(Referring expression grounding data)
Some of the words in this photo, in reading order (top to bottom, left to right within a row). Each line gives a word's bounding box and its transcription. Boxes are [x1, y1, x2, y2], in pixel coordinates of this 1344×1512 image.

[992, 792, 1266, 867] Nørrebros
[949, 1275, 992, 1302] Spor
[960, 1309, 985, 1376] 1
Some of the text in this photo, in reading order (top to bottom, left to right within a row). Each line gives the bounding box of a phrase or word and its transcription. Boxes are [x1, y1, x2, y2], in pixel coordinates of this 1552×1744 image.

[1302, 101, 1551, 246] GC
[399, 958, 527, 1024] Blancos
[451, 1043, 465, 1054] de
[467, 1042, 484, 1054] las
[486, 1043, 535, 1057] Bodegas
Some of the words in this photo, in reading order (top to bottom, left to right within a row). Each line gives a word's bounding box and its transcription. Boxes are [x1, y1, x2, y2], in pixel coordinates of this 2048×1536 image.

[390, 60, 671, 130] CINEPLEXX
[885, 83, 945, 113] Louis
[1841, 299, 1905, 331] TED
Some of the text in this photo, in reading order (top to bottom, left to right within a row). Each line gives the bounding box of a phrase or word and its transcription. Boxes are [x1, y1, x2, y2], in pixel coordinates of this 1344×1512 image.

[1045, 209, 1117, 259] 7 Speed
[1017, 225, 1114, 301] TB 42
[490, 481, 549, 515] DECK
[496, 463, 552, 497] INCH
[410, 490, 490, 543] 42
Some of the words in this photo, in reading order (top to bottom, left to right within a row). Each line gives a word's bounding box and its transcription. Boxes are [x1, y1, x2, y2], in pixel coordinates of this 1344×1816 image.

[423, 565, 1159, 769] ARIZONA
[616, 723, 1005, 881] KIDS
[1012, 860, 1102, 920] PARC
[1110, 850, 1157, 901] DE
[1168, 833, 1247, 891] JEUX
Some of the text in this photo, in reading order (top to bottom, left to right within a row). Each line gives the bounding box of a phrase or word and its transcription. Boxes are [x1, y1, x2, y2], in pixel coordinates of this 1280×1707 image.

> [THE PROBLEM]
Transcribe every line above, character for character.

> [PROBLEM SOLUTION]
Some of the words in this photo, in reading order (top to bottom, left to right within a row). Each line gives a word's bounding box and its transcription. Boxes are [x1, y1, x2, y2], in pixel coordinates of this 1344×1512 image.

[992, 792, 1266, 867] Nørrebros
[949, 1275, 992, 1302] Spor
[960, 1309, 985, 1376] 1
Some of the text in this photo, in reading order (top to bottom, left to right within a row). Each line gives the bounding box of a phrase or word and its transcription. Boxes are [x1, y1, x2, y2], in pixel coordinates of this 1552×1744 image.

[1302, 101, 1551, 246] GC
[399, 958, 527, 1024] Blancos
[451, 1043, 465, 1054] de
[467, 1042, 484, 1054] las
[486, 1043, 535, 1057] Bodegas
Some of the words in this photo, in reading order (top to bottom, left to right within a row). Each line gives a word's bounding box and its transcription. Boxes are [x1, y1, x2, y2], in pixel coordinates of this 2048×1536 image.

[390, 60, 671, 130] CINEPLEXX
[885, 83, 945, 113] Louis
[1841, 299, 1905, 331] TED
Some of the text in this photo, in reading order (top to bottom, left to right within a row). Each line gives the bounding box of a phrase or word and its transcription. Boxes are [x1, y1, x2, y2], in pixel coordinates of this 1344×1512 image.

[1045, 209, 1117, 259] 7 Speed
[1017, 225, 1114, 301] TB 42
[490, 481, 549, 515] DECK
[496, 463, 552, 497] INCH
[410, 490, 490, 543] 42
Some of the words in this photo, in reading order (top to bottom, left to right within a row). Each line gives a word's bounding box and its transcription. Boxes are [x1, y1, x2, y2], in pixel coordinates of this 1344×1816 image.

[423, 565, 1159, 769] ARIZONA
[616, 723, 1005, 881] KIDS
[1012, 860, 1102, 920] PARC
[1110, 850, 1157, 901] DE
[1168, 833, 1247, 891] JEUX
Some of the text in this photo, in reading order (top to bottom, left to right within a row). Each line gives the bounding box of a phrase or word and its transcription. Boxes are [x1, y1, x2, y2], in pixel coordinates of this 1280×1707 image.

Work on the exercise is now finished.